Reproduce each record exactly, but exclude every picture.

* Given entries:
○ ○ ○ ○ ○

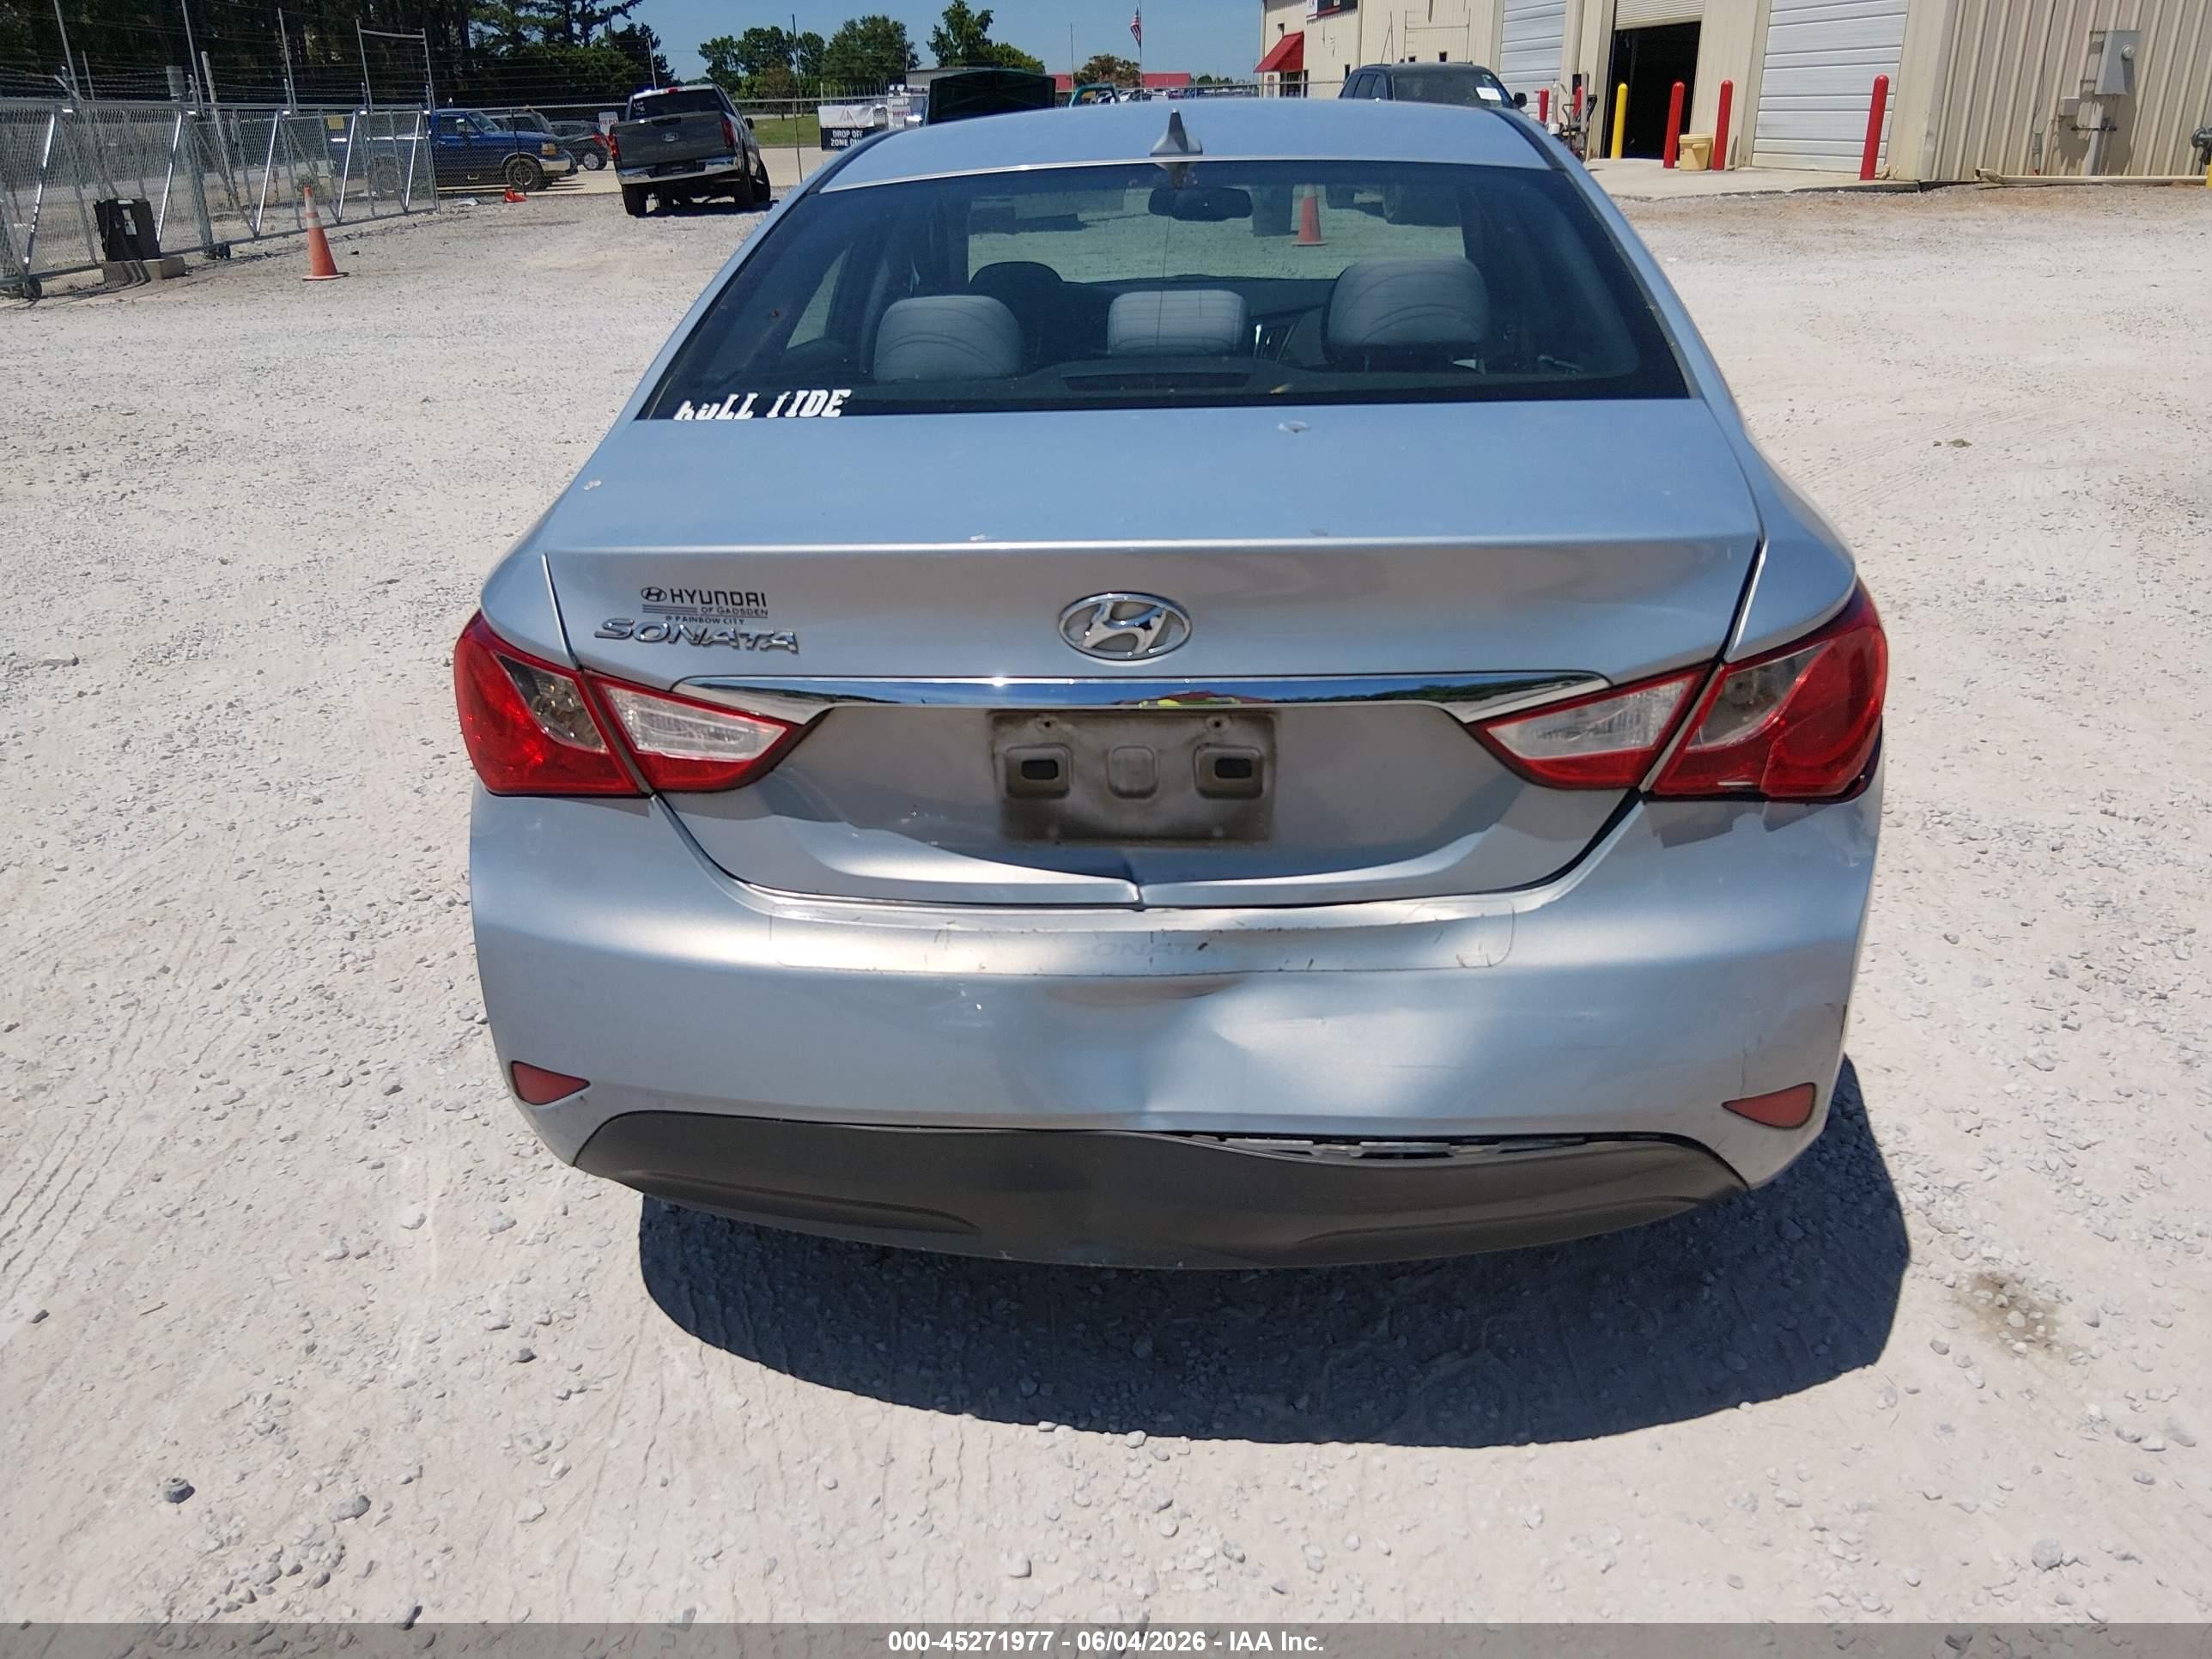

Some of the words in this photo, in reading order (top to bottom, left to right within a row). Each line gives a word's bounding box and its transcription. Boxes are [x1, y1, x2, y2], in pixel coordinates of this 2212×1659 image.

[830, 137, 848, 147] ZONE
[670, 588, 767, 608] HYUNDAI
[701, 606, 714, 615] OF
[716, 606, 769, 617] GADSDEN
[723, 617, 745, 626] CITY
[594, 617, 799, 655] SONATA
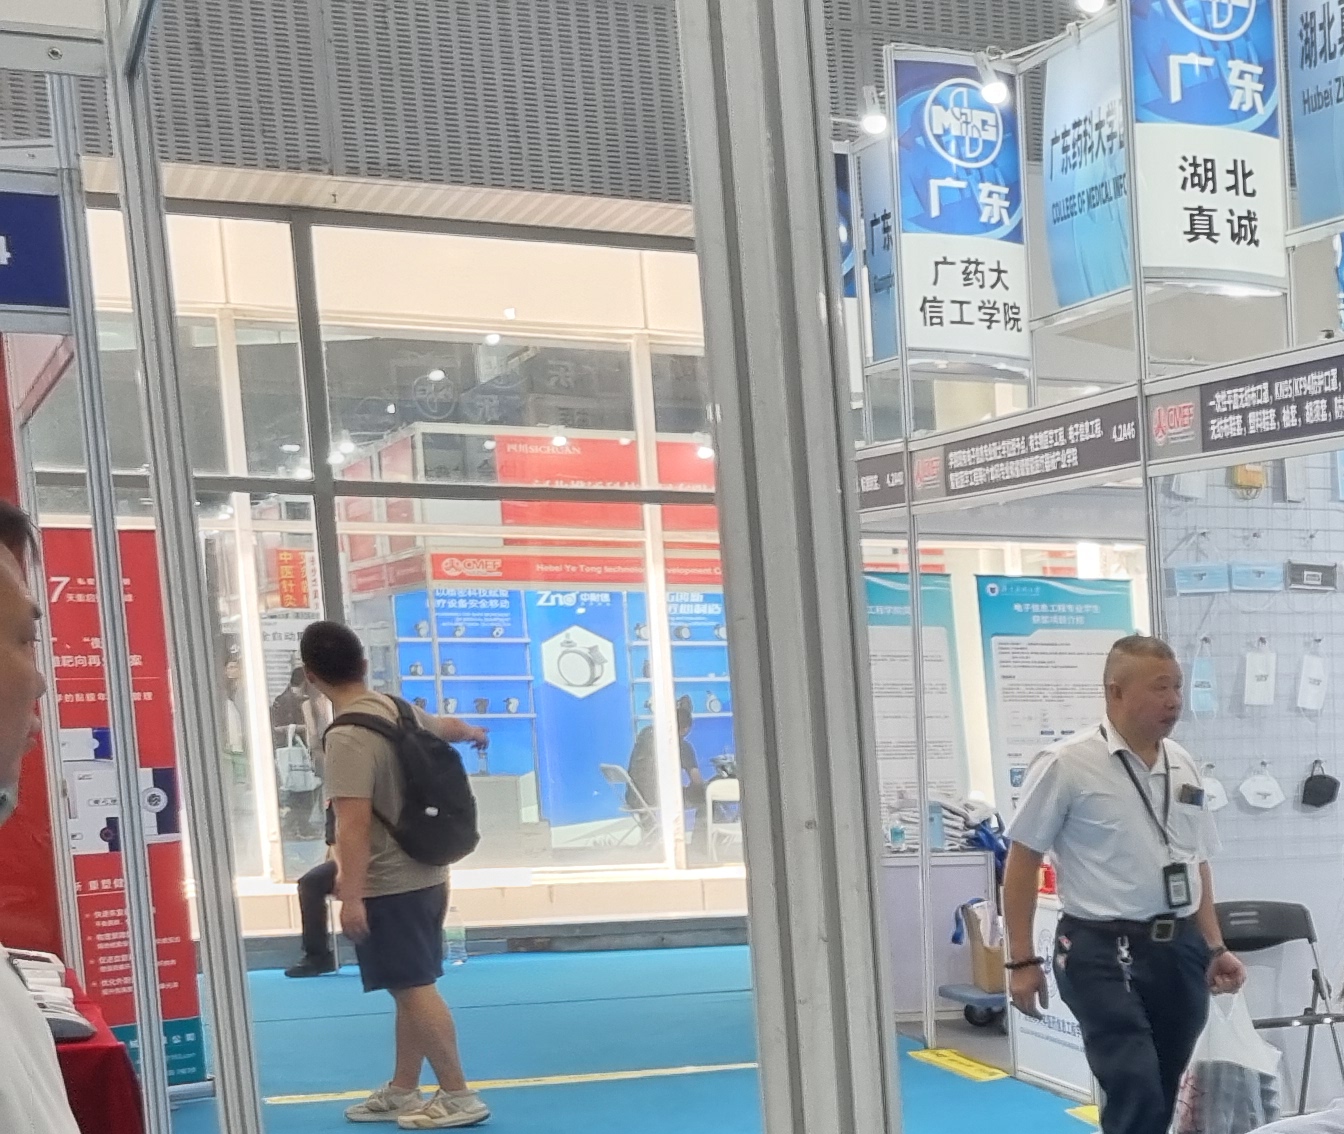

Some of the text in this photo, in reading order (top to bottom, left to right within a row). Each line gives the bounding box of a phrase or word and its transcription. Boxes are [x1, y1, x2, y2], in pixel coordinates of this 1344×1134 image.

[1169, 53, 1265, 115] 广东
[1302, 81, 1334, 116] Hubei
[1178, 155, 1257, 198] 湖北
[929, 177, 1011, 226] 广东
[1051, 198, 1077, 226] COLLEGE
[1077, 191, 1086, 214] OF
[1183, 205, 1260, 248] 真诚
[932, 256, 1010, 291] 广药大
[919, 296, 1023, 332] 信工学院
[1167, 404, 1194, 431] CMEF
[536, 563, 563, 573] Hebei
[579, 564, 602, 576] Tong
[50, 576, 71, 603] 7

○ ○ ○ ○ ○

* Answer:
Some of the words in this photo, in reading order (top to bottom, left to right within a row). Each line gives a word's bounding box and its transcription. Boxes are [x1, y1, x2, y2], in pixel coordinates of this 2212×1659 image.

[830, 137, 848, 147] ZONE
[670, 588, 767, 608] HYUNDAI
[701, 606, 714, 615] OF
[716, 606, 769, 617] GADSDEN
[723, 617, 745, 626] CITY
[594, 617, 799, 655] SONATA

Some of the text in this photo, in reading order (top to bottom, left to right within a row). Each line gives the bounding box of a phrase or word and its transcription. Boxes are [x1, y1, x2, y2], in pixel coordinates of this 1344×1134 image.

[1169, 53, 1265, 115] 广东
[1302, 81, 1334, 116] Hubei
[1178, 155, 1257, 198] 湖北
[929, 177, 1011, 226] 广东
[1051, 198, 1077, 226] COLLEGE
[1077, 191, 1086, 214] OF
[1183, 205, 1260, 248] 真诚
[932, 256, 1010, 291] 广药大
[919, 296, 1023, 332] 信工学院
[1167, 404, 1194, 431] CMEF
[536, 563, 563, 573] Hebei
[579, 564, 602, 576] Tong
[50, 576, 71, 603] 7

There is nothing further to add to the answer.